■ **Dataset records**
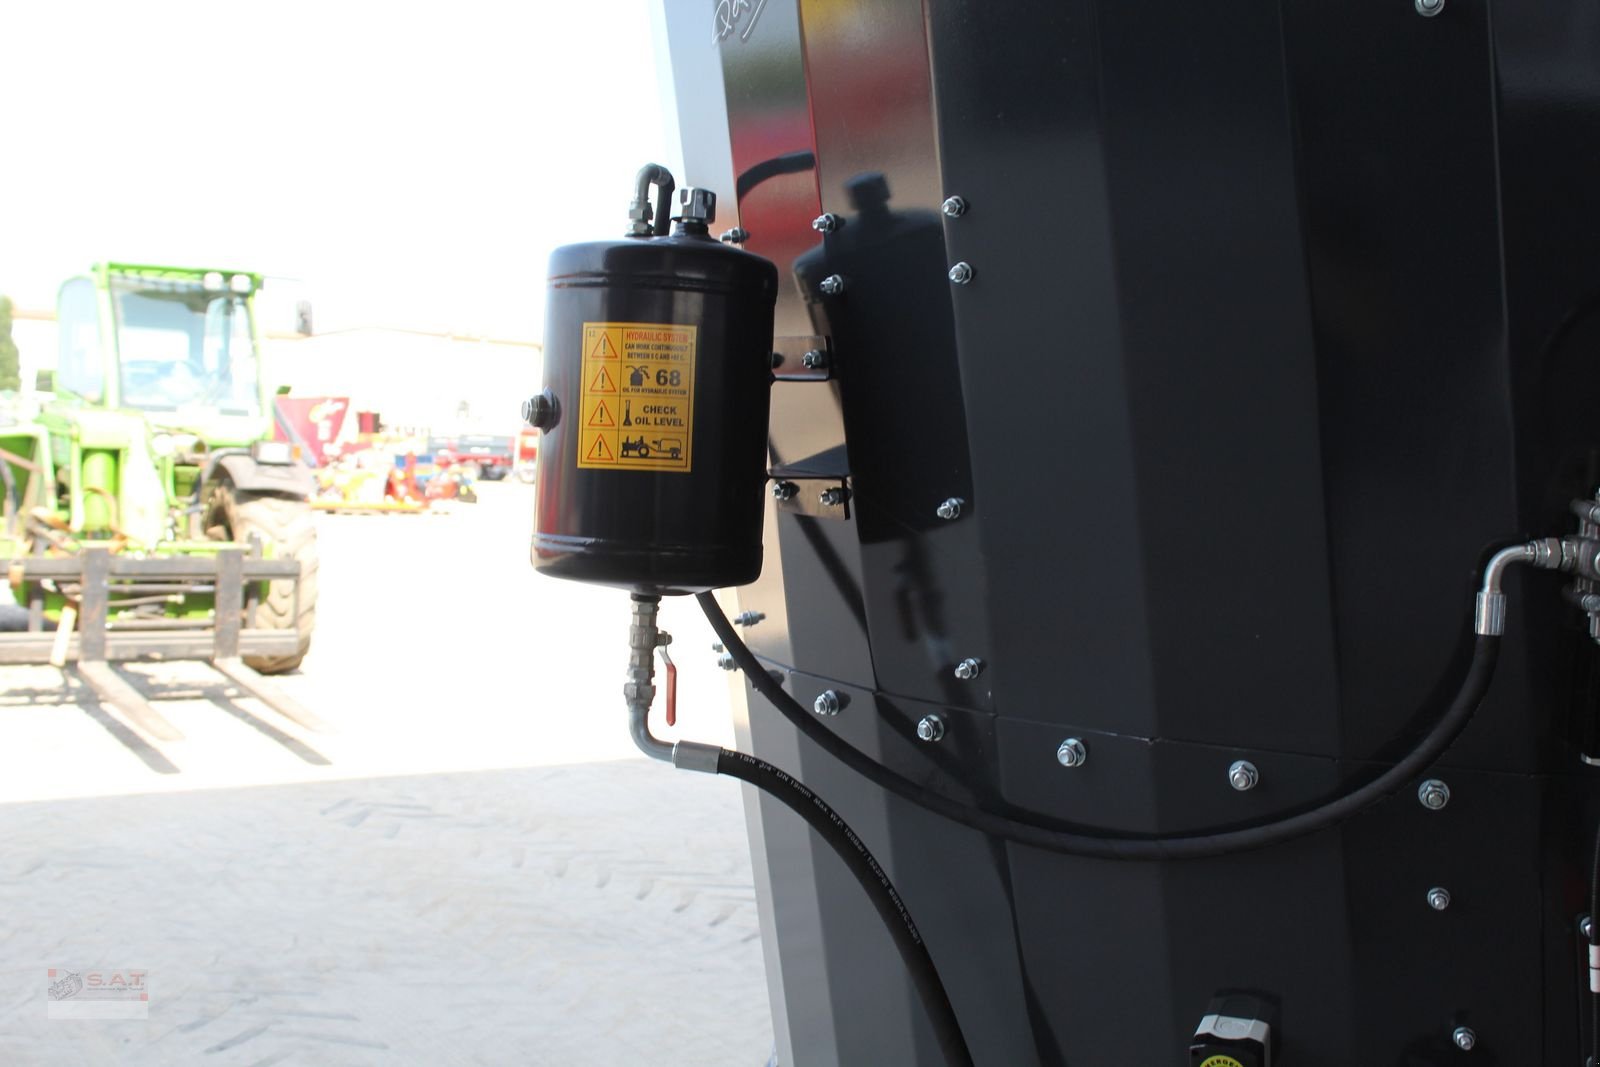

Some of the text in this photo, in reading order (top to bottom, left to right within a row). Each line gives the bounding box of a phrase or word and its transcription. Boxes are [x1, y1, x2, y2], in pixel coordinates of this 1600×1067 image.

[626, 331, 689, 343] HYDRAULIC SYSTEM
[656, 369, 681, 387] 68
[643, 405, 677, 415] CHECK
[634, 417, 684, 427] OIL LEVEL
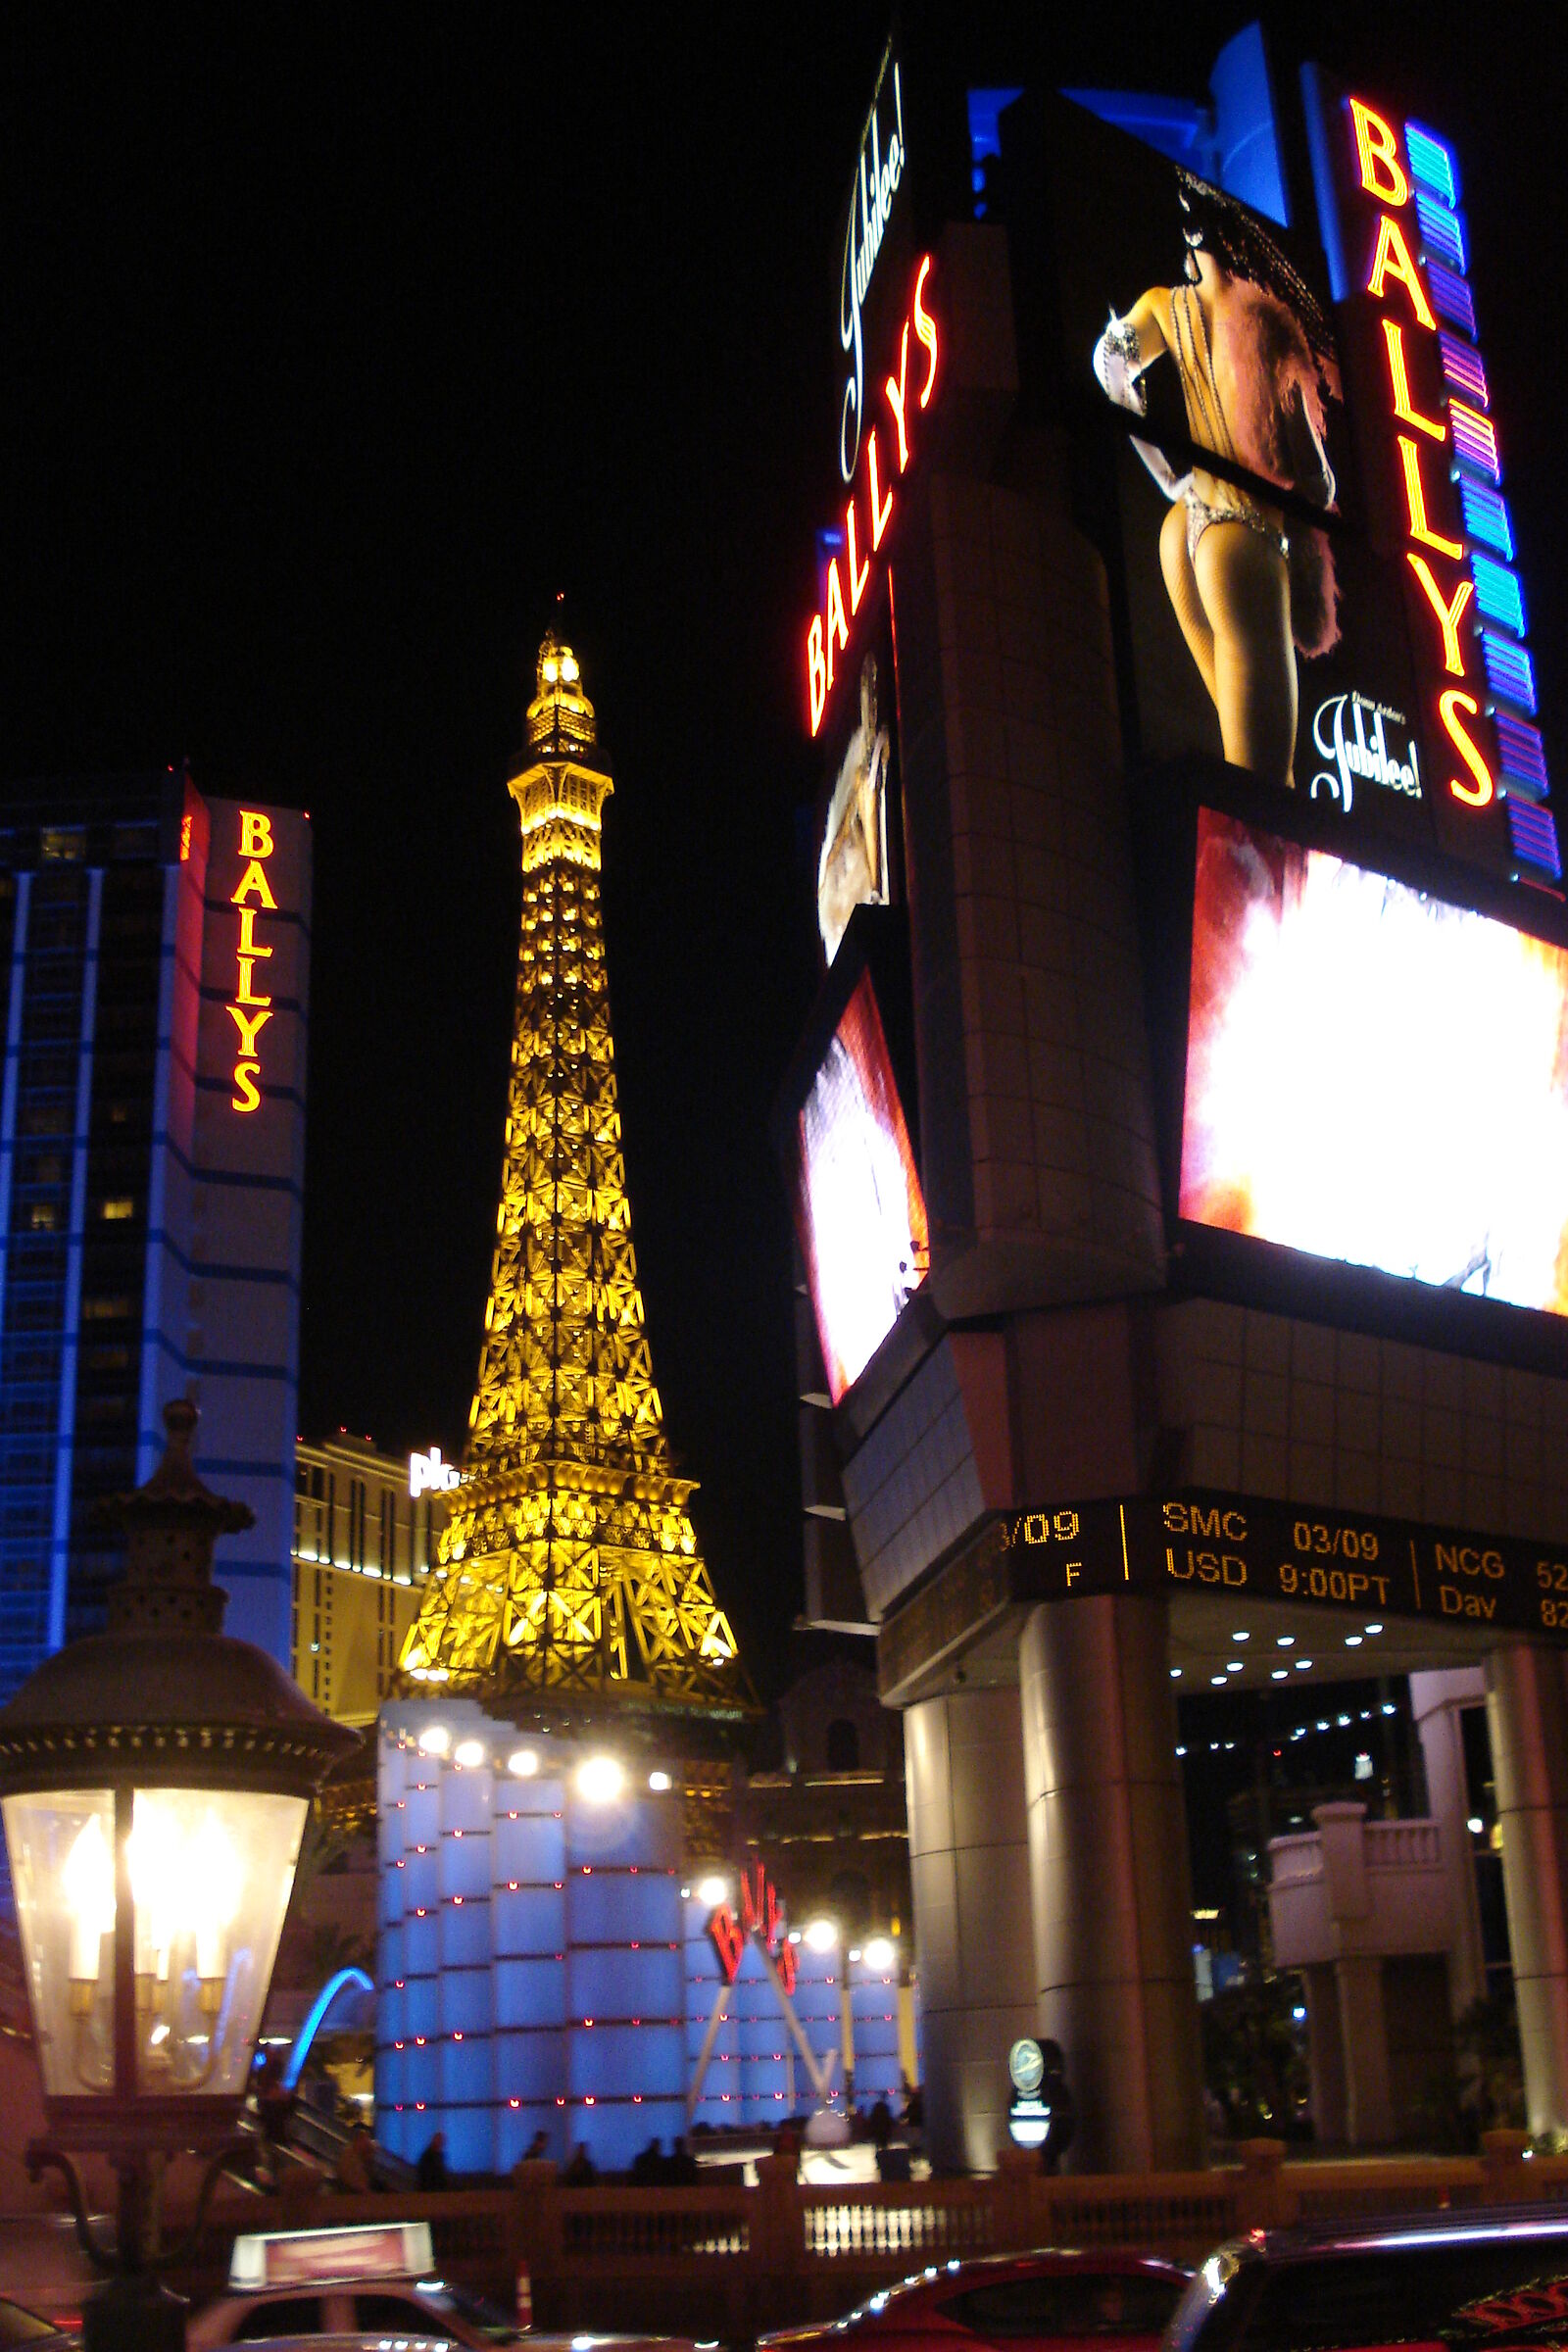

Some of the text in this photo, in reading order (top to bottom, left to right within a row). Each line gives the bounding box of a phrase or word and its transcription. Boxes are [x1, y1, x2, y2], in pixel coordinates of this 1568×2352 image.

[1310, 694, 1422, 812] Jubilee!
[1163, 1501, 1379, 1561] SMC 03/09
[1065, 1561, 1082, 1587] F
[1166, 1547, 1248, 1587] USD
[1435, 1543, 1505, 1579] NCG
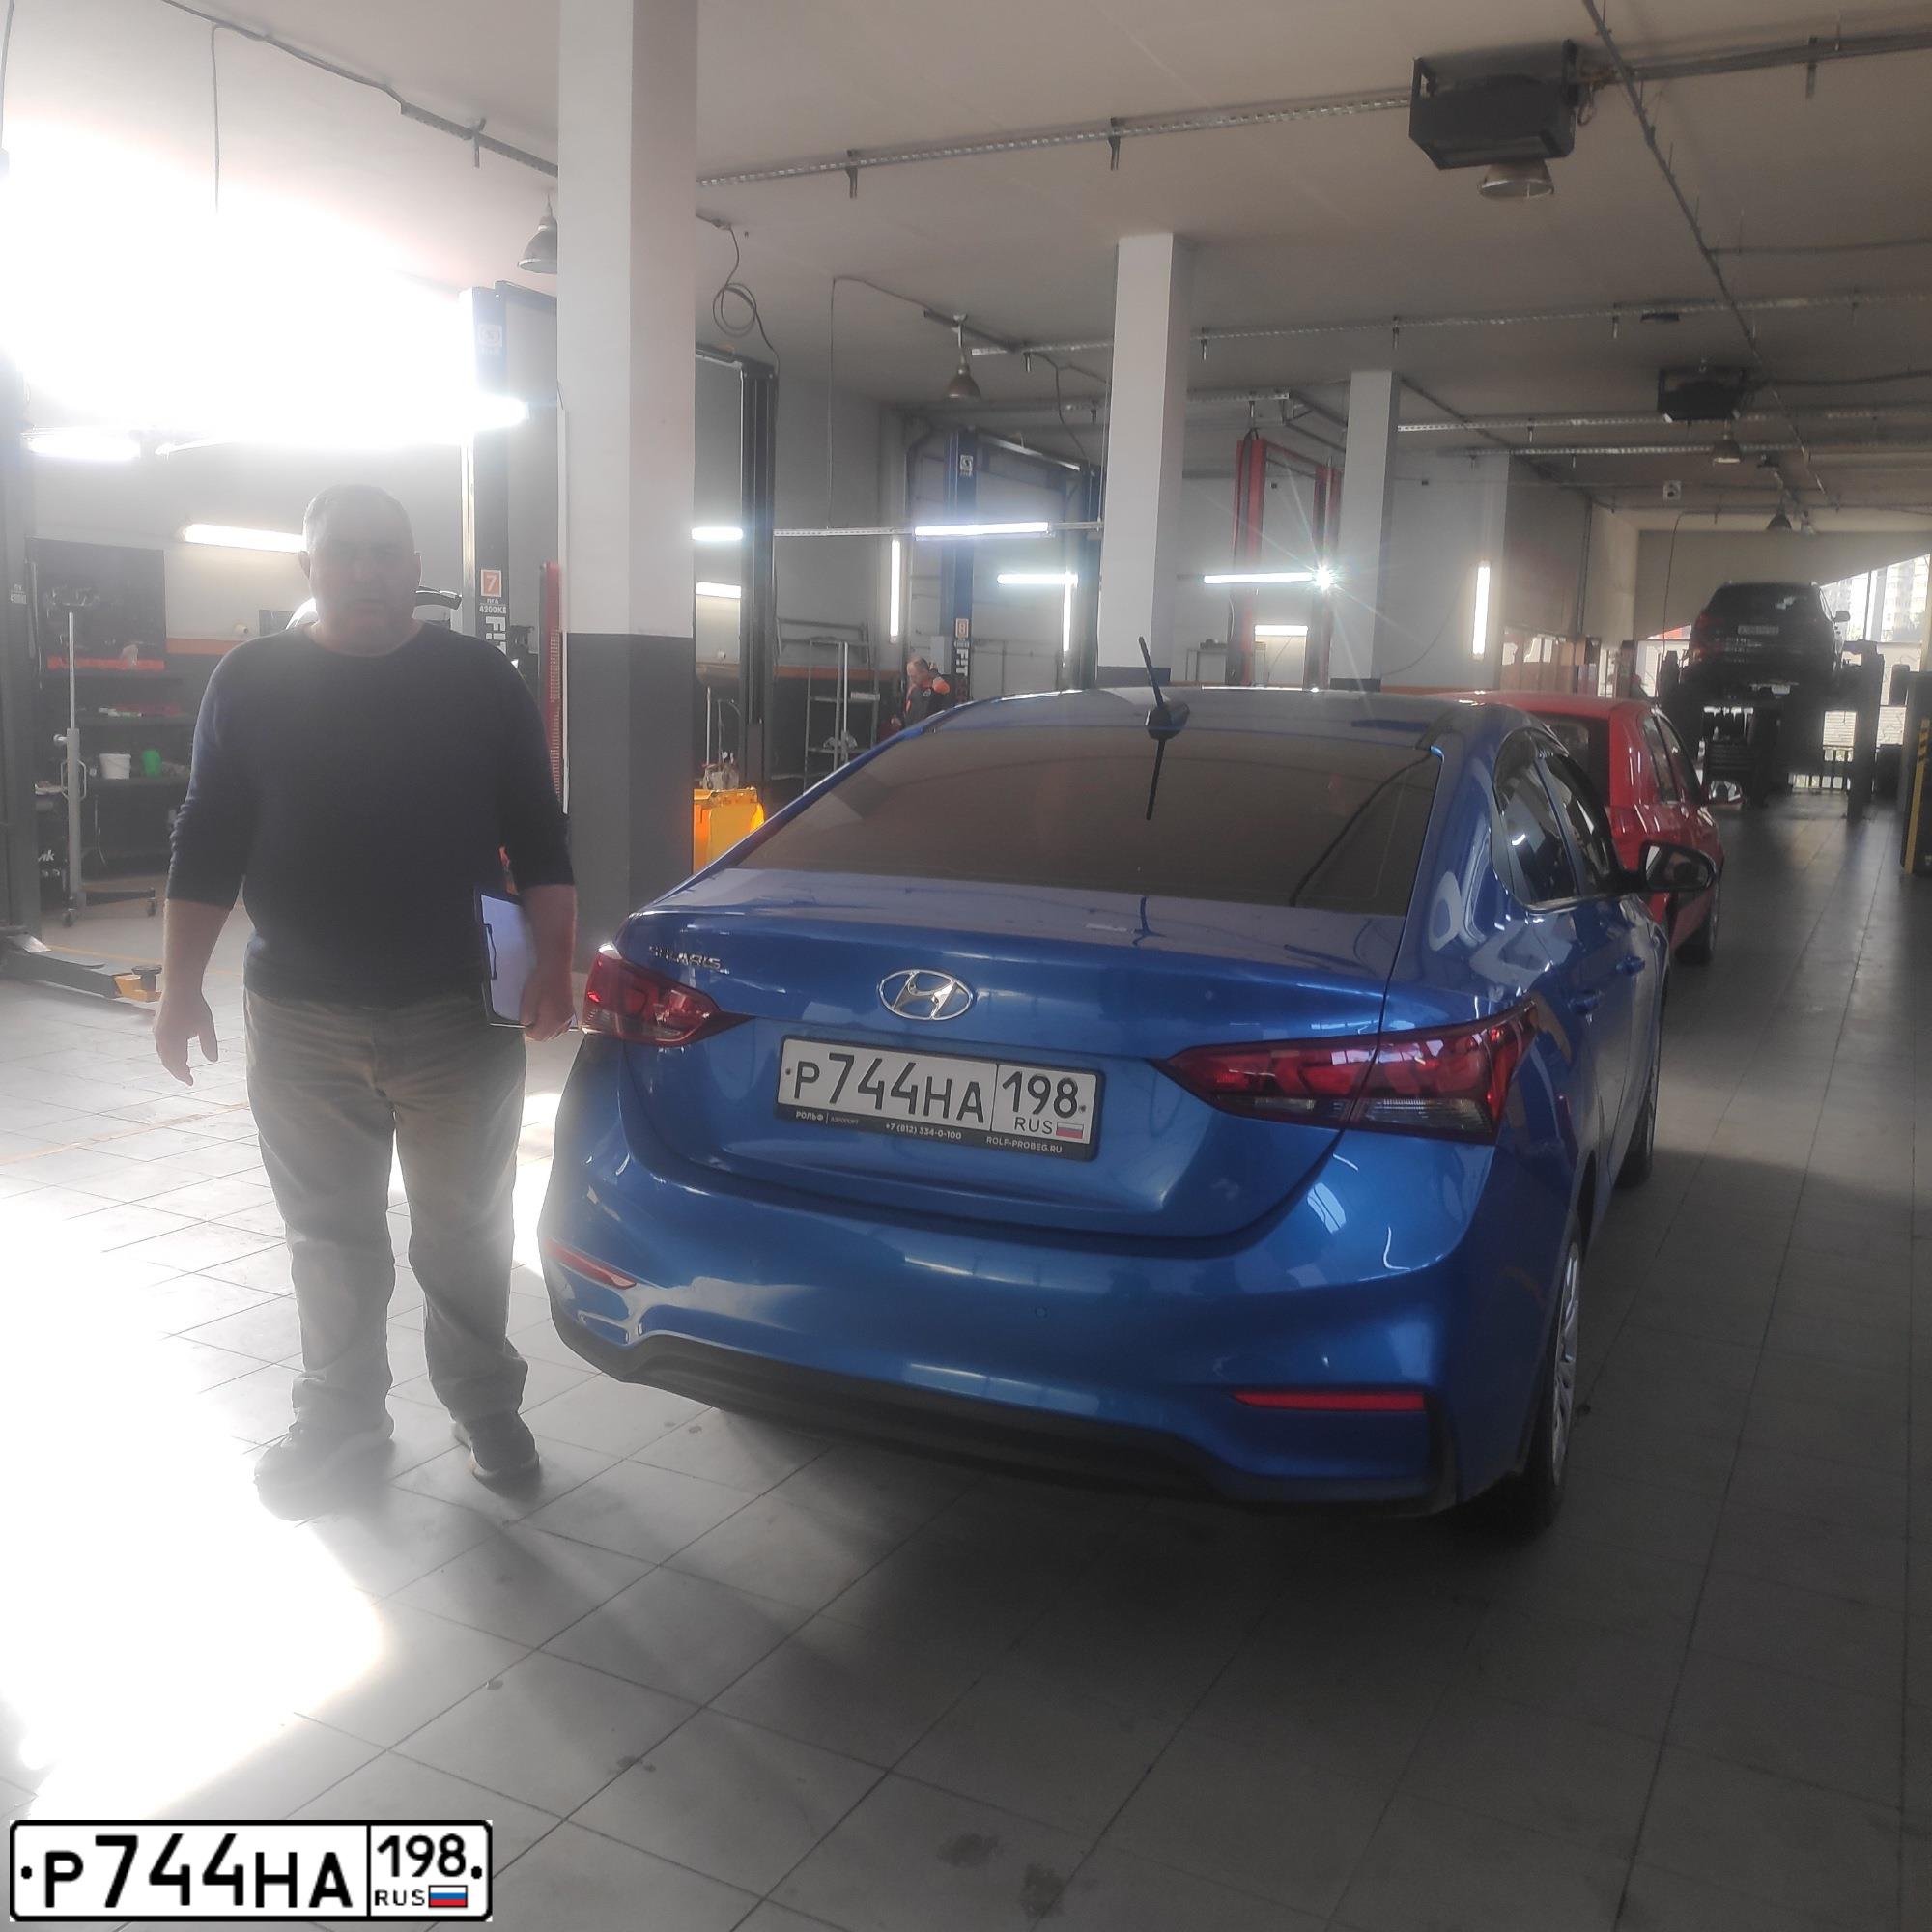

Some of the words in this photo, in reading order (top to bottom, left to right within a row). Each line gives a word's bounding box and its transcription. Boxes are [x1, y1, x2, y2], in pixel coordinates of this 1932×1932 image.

■ **Task description**
Leave out the pictures and reproduce the rest of the records exactly.

■ **Solution to this exercise**
Some of the text in this photo, in reading order (top to bottom, left to right within a row). Each line gives the bounding box of a phrase or word and its transcription. Boxes are [x1, y1, x2, y2], in pixel coordinates of this 1600×1067 image.

[626, 331, 689, 343] HYDRAULIC SYSTEM
[656, 369, 681, 387] 68
[643, 405, 677, 415] CHECK
[634, 417, 684, 427] OIL LEVEL

Some of the text in this photo, in reading order (top to bottom, left to right within a row). Each line gives the bounding box of a phrase or word and its transcription. Boxes are [x1, y1, x2, y2], in pixel coordinates of this 1568×2352 image.

[1310, 694, 1422, 812] Jubilee!
[1163, 1501, 1379, 1561] SMC 03/09
[1065, 1561, 1082, 1587] F
[1166, 1547, 1248, 1587] USD
[1435, 1543, 1505, 1579] NCG

Some of the words in this photo, in reading order (top to bottom, left to right within a row). Each line gives a word's bounding box and its transcription. Boxes are [x1, y1, x2, y2], in pixel coordinates of this 1932×1932 image.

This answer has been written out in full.